I have inserted a row of data in Cassandra with the following query:

INSERT INTO TableWide1 (UID, TimeStampCol, Value, DateCol) VALUES ('id1','2016-03-24 17:54:36',45,'2015-03-24 00:00:00');

I update one row to have a new value.

update TableWide1 set Value = 46 where uid = 'id1' and datecol='2015-03-24 00:00:00' and timestampcol='2016-03-24 17:54:36';

Now, I would like to see all versions of this data from Cassandra. I know in HBase, this is pretty straightforward, but in Cassandra, is this even possible?

I explored a bit using writetime(), but it just gives the latest time of the newly updated data. And this cannot be used in where clause too.

This is how my schema looks like:

CREATE TABLE TableWide1(
  UID varchar,
  TimeStampCol timestamp,
  Value double,
  DateCol timestamp,
  PRIMARY KEY ((UID,DateCol), TimeStampCol)
);

So is this technically possible, given the fact the old data still exists in Cassandra?

2
Nope, Cassandra does not keep the history of cells like other Big Table implementations do. - Ralf
You'll have to do it manually if you need it. I have such in one of my tables. Each time you create a new revision of a page in my CMS, I save it as a separate entry. That way I can access any version. - Alexis Wilke

2 Answers

-1
votes

If your partitions wont get too wide you could exclude the time partitioning:

CREATE TABLE table_wide (
  UID varchar,
  TimeStampCol timestamp,
  Value double,
  PRIMARY KEY ((UID), TimeStampCol)
);

Thats generally bad though since eventually you will hit the limits of a partition.
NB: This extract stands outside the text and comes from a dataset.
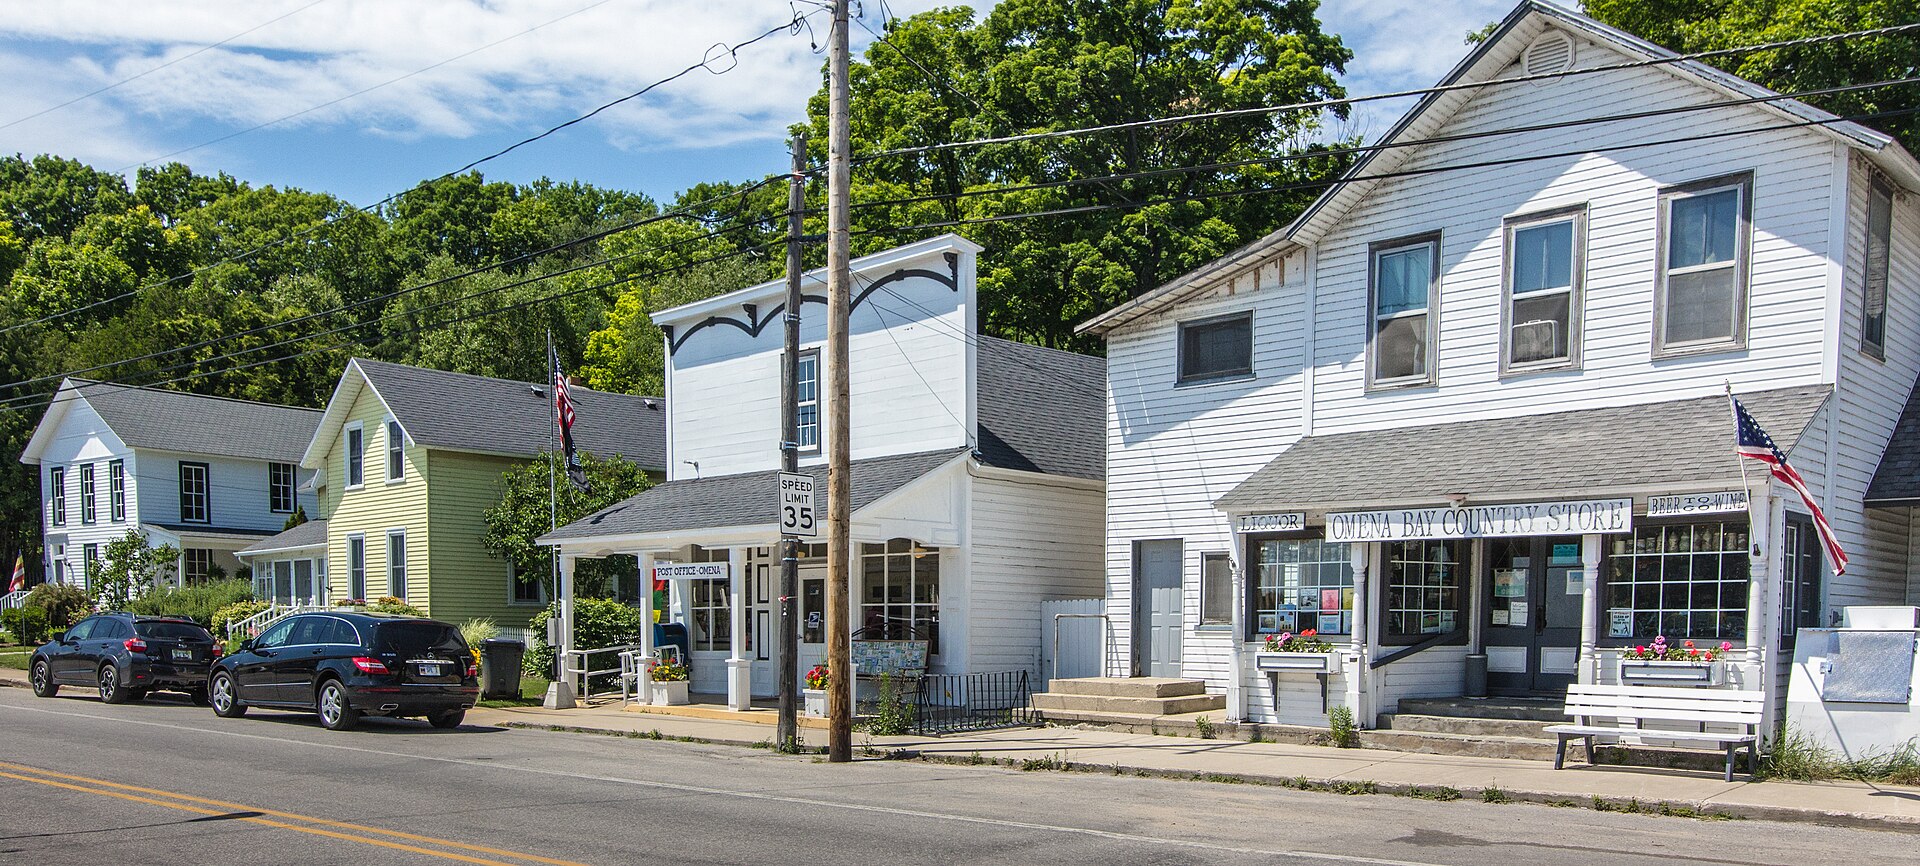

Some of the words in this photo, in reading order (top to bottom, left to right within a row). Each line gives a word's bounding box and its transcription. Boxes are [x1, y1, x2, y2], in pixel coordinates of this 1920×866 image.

But really you had it right. You wont be able to make a single statement, but under the covers you cant stream the entire set over anyway, and it will have to page through it. So you can just iterate through results of each day one at a time. If your dataset has days with no data and you dont want to waste reads, you can keep an additional table around to mark which days have data

CREATE TABLE table_wide_partition_list (
  UID varchar,
  DateCol timestamp,
  PRIMARY KEY (UID)
);

And make one query to it first.

Really if you want HBase like behavior for scans, you are probably looking for more OLAP style of thing instead of normal C* usage. For this its almost universally recommended to use Spark with Cassandra currently.

-2
votes

Cassandra does not retain old data when updated. It marks the old data into tombstone, and get rid of this, when compaction happens.
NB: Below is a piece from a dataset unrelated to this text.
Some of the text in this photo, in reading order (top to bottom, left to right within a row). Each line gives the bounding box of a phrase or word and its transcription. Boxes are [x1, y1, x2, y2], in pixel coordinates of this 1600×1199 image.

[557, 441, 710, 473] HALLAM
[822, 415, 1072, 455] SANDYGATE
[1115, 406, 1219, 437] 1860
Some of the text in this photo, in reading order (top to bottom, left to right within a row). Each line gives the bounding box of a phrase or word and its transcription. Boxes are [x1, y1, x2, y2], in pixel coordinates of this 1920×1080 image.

Hbase, was not made for handling real time application, and hot data from/for application server, though things have improved since the old times with Hbase. People use Hbase, mainly because they already have a hadoop cluster.

Another noticeable and important difference is Cassandra is very fast on retrieval of single/multiple record based on key but not on range like >10 && <10 because data is stored based on hashed key. Hbase on the other hand stores data in sorted manner and is ideal candidate for range query.

Anyways, since cassandra doesn't retain old data. You cannot retrieve it.